Mugabe sang from a different hymn book and said it was never agreed by his cabinet, and he arbitrarily pledged to pay the bonuses for the more than 400 000 civil servants.
Cabinet ministers followed suit and stampeded to endorse Mugabe’s political grand standing.
Public service minister Prisca Mupfumira assured the civil servants that they would get their bonuses.
“Nothing has changed from the statement made by His Excellency, President Mugabe, in April; we stand guided by that.
“Yes, we are facing financial problems, but we have to work out ways of making sure that our workers smile,” Mupfumira told a state-controlled paper.

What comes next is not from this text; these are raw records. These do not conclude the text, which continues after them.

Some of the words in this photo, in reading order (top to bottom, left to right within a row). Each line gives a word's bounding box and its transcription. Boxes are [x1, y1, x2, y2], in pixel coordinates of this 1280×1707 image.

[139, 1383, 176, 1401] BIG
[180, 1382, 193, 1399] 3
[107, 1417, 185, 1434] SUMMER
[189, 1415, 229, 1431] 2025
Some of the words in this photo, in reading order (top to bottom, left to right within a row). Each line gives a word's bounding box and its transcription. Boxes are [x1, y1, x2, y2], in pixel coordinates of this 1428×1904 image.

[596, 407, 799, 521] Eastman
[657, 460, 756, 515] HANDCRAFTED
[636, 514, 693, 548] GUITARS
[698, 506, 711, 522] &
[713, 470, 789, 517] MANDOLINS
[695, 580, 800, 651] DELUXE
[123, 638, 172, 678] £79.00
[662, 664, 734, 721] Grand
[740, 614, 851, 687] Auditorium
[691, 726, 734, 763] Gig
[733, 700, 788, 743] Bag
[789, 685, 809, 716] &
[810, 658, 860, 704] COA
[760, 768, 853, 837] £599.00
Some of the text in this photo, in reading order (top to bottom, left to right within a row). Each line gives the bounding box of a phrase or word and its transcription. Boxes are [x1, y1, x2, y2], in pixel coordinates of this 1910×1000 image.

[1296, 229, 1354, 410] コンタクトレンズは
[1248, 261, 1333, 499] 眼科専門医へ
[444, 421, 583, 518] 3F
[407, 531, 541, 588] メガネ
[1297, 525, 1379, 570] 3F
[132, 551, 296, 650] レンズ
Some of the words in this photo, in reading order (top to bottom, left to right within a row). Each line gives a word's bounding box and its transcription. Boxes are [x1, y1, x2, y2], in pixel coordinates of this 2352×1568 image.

“The uniformed forces will get their bonuses in November. For the other civil servants, the proposal is that we stagger payment because we don’t have the money to pay everyone at once.”
The soldiers’ November salaries were paid on the 13th, but without not only the bonuses, but also payslips.
“We received our salaries on November 13 and our authorities had assured us that we were to get our bonuses but up to now nothing has come and we are already in another month,” said the source.
Muckraker will be observing to see where the government will find the money to pay the bonuses, if they are going to be paid at all. But of course, Mugabe will have it his own way and force Chinamasa to perform another miracle if he wants to keep his job.
But who would want to lose such a post?